In order to analyze in vitro proliferation, B cells were labeled with 5 µM carboxyfluorescein succinimidyl ester (CFSE, Molecular Probes) for 5 minutes at 37°C as previously described [31]. B cells were cultivated for up to 3 days in RPMI-medium containing 10% FCS, 2 mM L-glutamine, 1 mM sodium pyruvate, 100 U/mL penicillin and 100 µg/mL streptomycin, 1 × non-essential amino acids and 50 µM ß-mercaptoethanol supplemented with the following stimuli: lipopolysaccharide (LPS; 10–25 µg/mL; Escherichia coli 055:B5; Sigma-Aldrich), IL-4 (10 ng/mL; mouse recombinant; Sigma-Aldrich) and α-CD40 antibody (clone HM40-3 eBioscience, 2.5 µg/mL;). Cultivation was performed in 96-well plates.
Flow Cytometry
For flow cytometry, single cell suspensions of various lymphoid organs were prepared and analyzed with a FITC-labeled α-B220-antibody (clone RA3-6B2, BD Biosciences) and a PE-labeled α-CD3-antibody (clone 145-2C11, BD Biosciences) with the FACSCalibur™ (BD Biosciences). Data were analyzed using CELLQuest™ software (BD Bioscience). To exclude dead cells TO-PRO-3 staining was performed.
Ethics Statement
All experiments were done complying with the German Animal Welfare act and were approved by the institutional committee on animal experimentation and the Government of Upper-Bavaria.
Statistical Analysis
For statistical analysis a two-tailed student t-test was applied.

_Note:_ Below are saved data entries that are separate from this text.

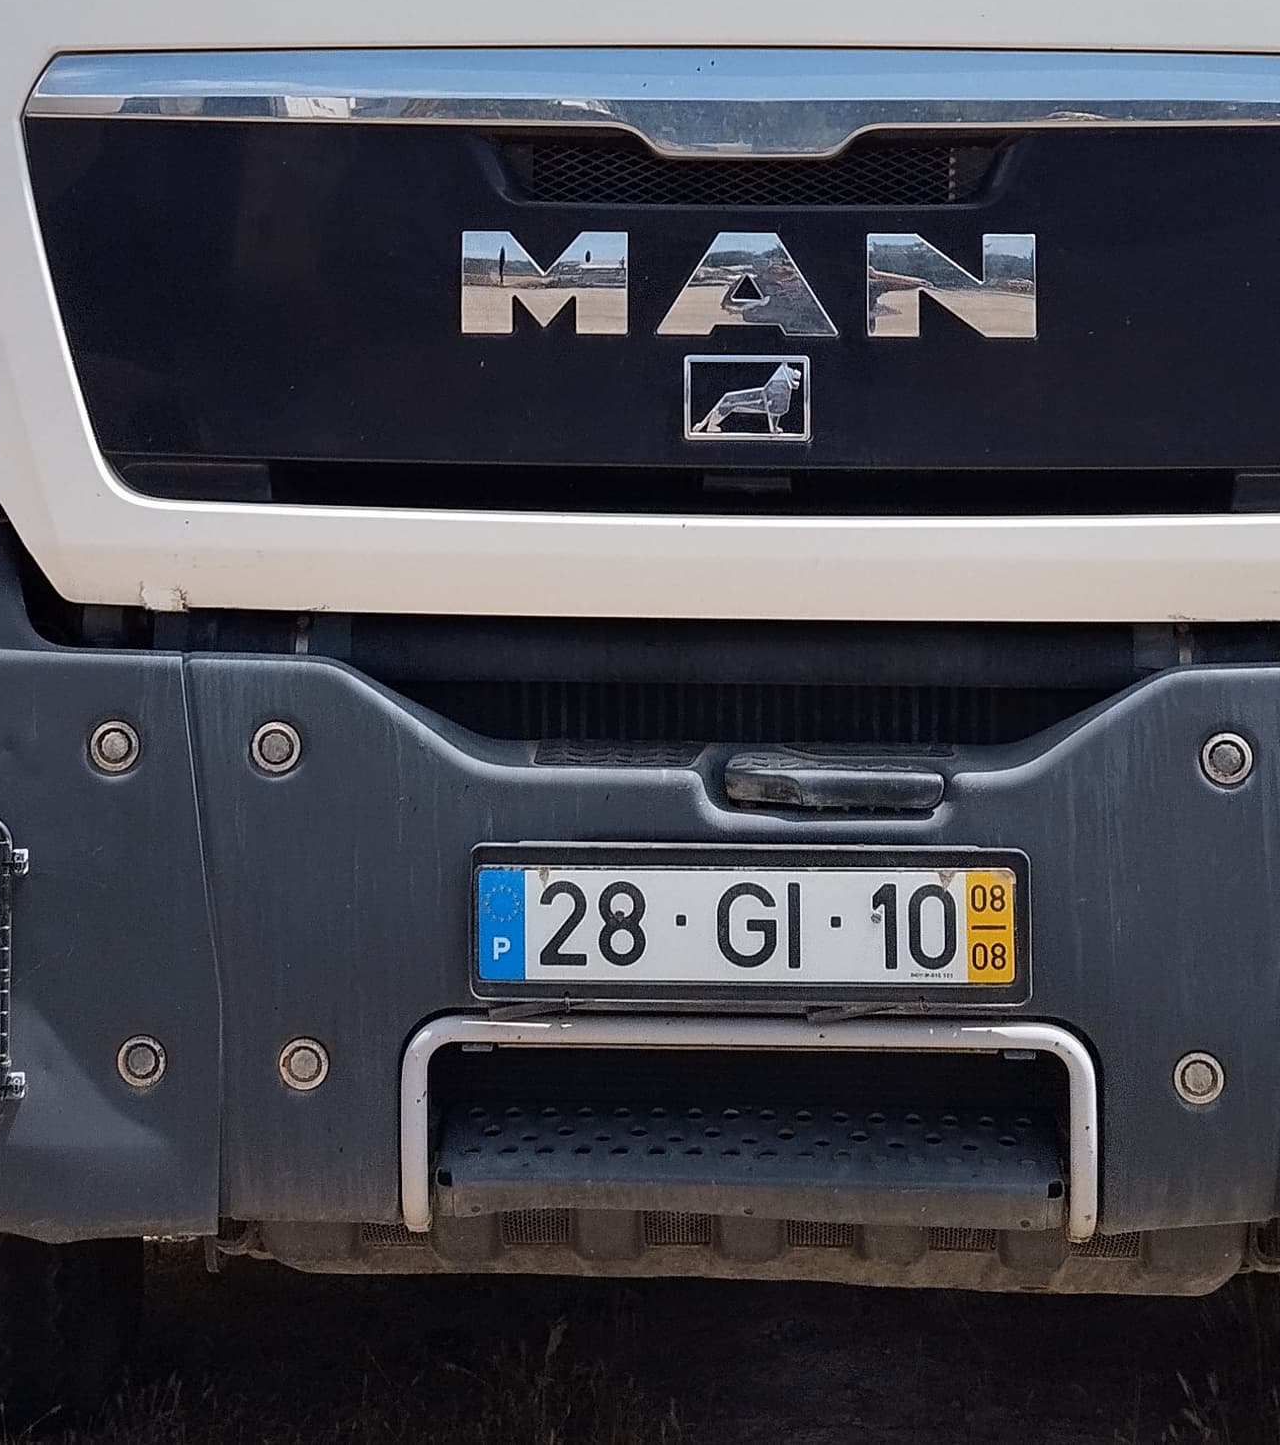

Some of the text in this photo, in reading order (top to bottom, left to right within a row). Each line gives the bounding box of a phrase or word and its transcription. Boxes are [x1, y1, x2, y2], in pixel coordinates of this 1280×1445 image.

[461, 230, 1037, 338] MAN
[970, 883, 1007, 914] 08
[492, 936, 512, 960] P
[970, 941, 1008, 972] 08
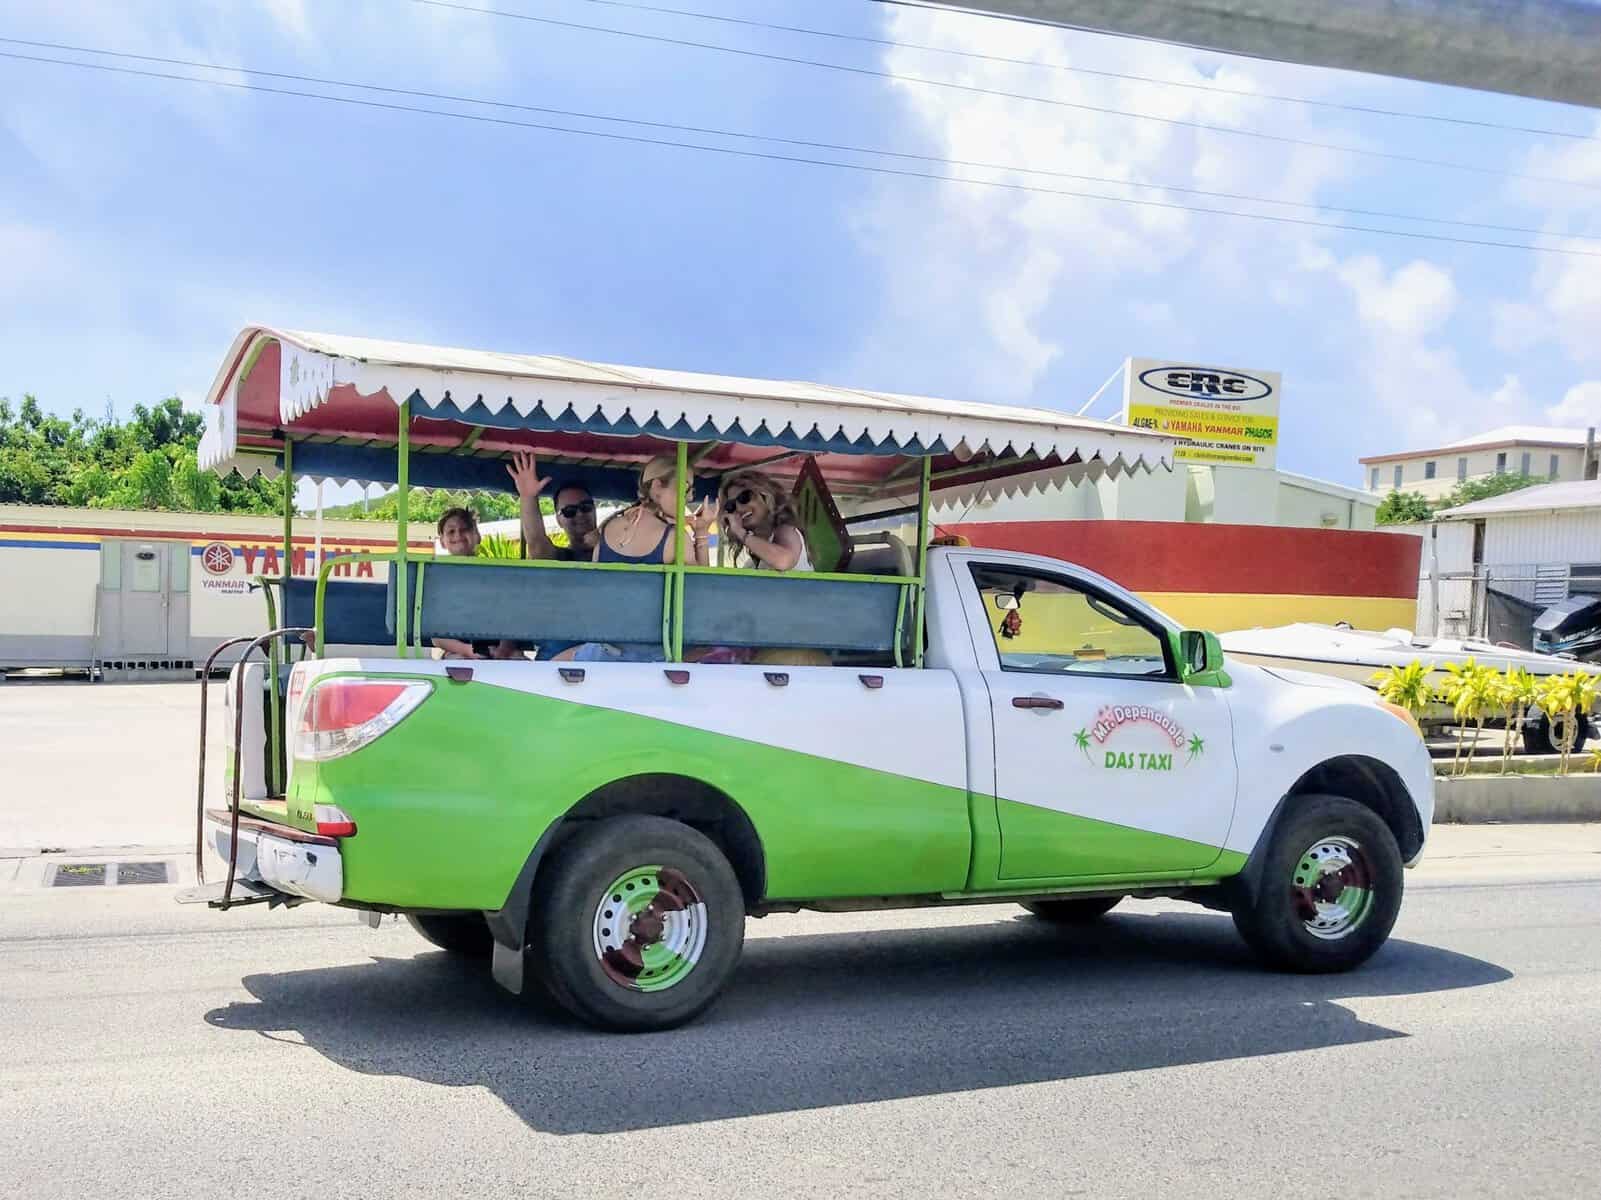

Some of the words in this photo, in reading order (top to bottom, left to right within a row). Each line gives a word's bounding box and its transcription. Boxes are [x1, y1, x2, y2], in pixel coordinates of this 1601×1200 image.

Body weight (A) and organ weight of spleen (B), both kidneys (C) and liver (D) were analyzed of heterozygous (B6 hc-Myc+/−, n = 5) and homozygous hc-Myc (B6 hc-Myc+/+, n = 8) mice as well as of wildtype B6 mice (B6 wt, n = 8) at the age of 10 - 11 weeks. Each symbol represents one mouse. The mean weight is indicated in the graphs with a black line and shown at the top of the symbols. Where ever small differences were observed, they were not significant.
Cell numbers in the spleen (A), both inguinal lymph nodes (B) and bone marrow of one tibia (C) was analyzed of 10 – 11 week old heterozygous (B6 hc-Myc+/−, n = 5), homozygous (B6 hc-Myc+/+, n = 5) hc-Myc mice, and of wildtype B6 mice (B6 wt, n = 5). Depicted are total cell numbers of the lymphoid organs as well as B cell numbers (B220+) and T cell numbers (CD3+). Total cell numbers were counted using a Neubauer chamber. The percentage of B and T cells was determined by flow cytometric analysis. Mean values are indicated in the graph with black lines and shown at the top of the symbols. Where ever small differences were observed, they were not significant.
Splenic B cells were isolated by magnetic cell separation from homozygous hc-Myc mice (B6 hc-Myc+/+) and wildtype B6 mice (B6 wt). For analyzing rate of proliferation, CFSE-stained splenic B cells were stimulated with LPS or anti-CD40 and IL-4. Proliferation was analyzed on day 1 and day 3 by flow cytometric analysis. Depicted are analyzes of living cells (TO-PRO-3 negative) on day 1 and day 3.
Results
Targeting Strategy
In order to generate a mouse strain in which the human c-MYC protein is expressed under physiological regulation, we integrated a humanized c-Myc (hc-Myc) gene by homologous recombination into the endogenous murine c-Myc locus in embryonic stem (ES) cells. The hc-Myc gene is composed of human c-MYC-coding sequences and human intron sequences, whereas the non-coding, regulatory regions are of murine origin (see Figure 1). This is expected to lead to normal regulation of the transgenic c-Myc gene by mouse regulatory elements. The human sequence encompasses the region from the CUG start codon in exon 1 up to 69 bp downstream of the stop codon so that both isoforms of the human c-MYC protein can be expressed, c-MYC1 starting from the alternate start codon CUG in exon 1 and c-MYC2 starting from AUG in exon 2. The transgene was flanked by arms for homologous recombination that enabled specific integration into one allele of the endogenous murine c-Myc locus in ES cells.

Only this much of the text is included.